__WHAT IS REQUIRED__:
Copy every entry word for word, but skip the pictures.

-------- DATA UNDER STUDY --------

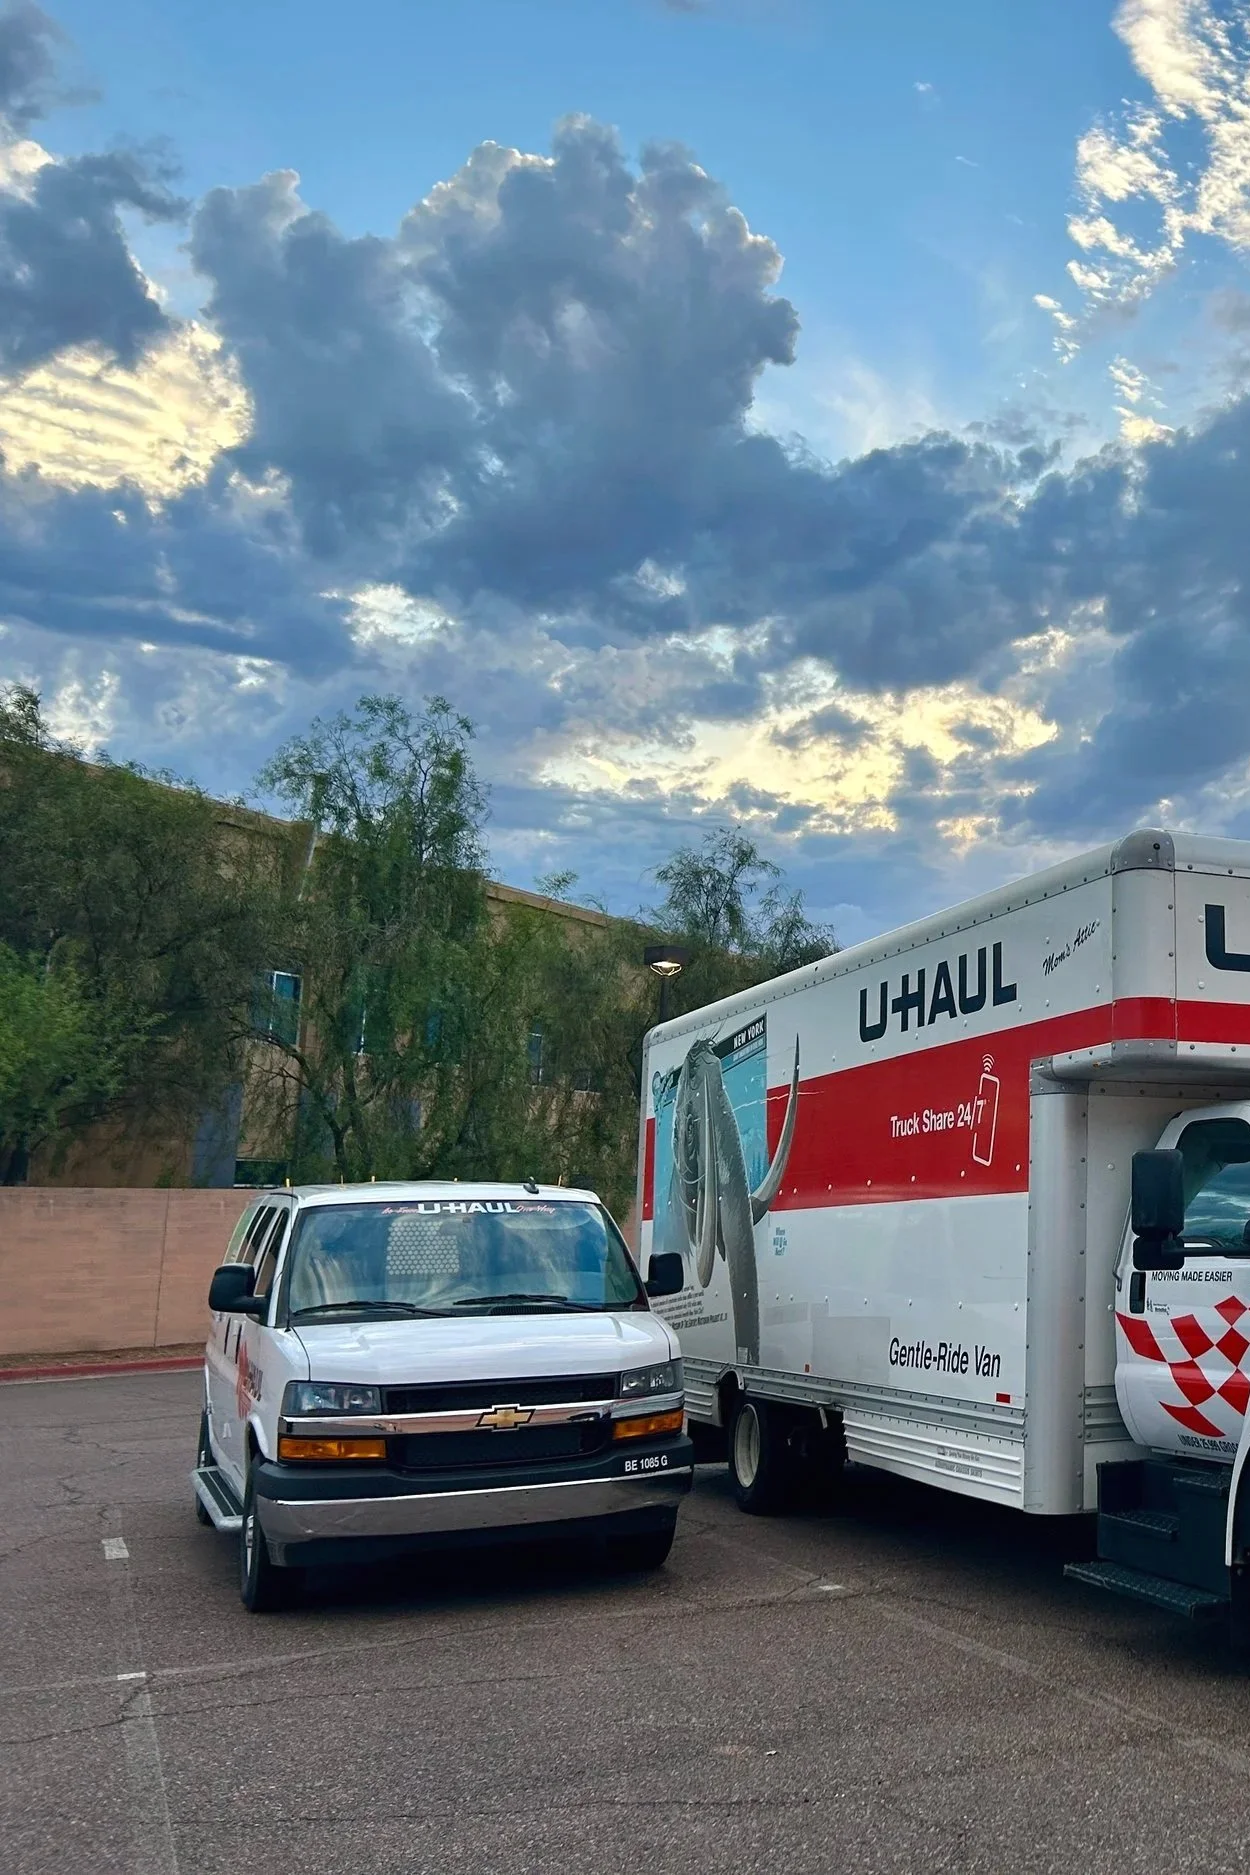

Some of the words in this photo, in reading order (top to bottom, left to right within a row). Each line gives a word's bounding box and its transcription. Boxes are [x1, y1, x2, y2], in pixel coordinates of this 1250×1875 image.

[859, 941, 1017, 1042] U-HAUL
[733, 1030, 748, 1049] NEW
[748, 1020, 764, 1039] YORK
[890, 1112, 920, 1138] Truck
[922, 1109, 955, 1133] Share
[957, 1095, 984, 1131] 24/7
[417, 1202, 519, 1214] U-HAUL
[1151, 1271, 1180, 1281] MOVING
[1181, 1271, 1203, 1282] MADE
[1204, 1271, 1233, 1282] EASIER
[889, 1337, 969, 1375] Gentle-Ride
[974, 1344, 1001, 1378] Van
[625, 1459, 638, 1472] BE
[660, 1455, 668, 1466] G

--------

__RESULT OF THE TASK__:
Some of the words in this photo, in reading order (top to bottom, left to right within a row). Each line gives a word's bounding box and its transcription. Boxes are [x1, y1, x2, y2], in pixel coordinates of this 1250×1875 image.

[859, 941, 1017, 1042] U-HAUL
[733, 1030, 748, 1049] NEW
[748, 1020, 764, 1039] YORK
[890, 1112, 920, 1138] Truck
[922, 1109, 955, 1133] Share
[957, 1095, 984, 1131] 24/7
[417, 1202, 519, 1214] U-HAUL
[1151, 1271, 1180, 1281] MOVING
[1181, 1271, 1203, 1282] MADE
[1204, 1271, 1233, 1282] EASIER
[889, 1337, 969, 1375] Gentle-Ride
[974, 1344, 1001, 1378] Van
[625, 1459, 638, 1472] BE
[660, 1455, 668, 1466] G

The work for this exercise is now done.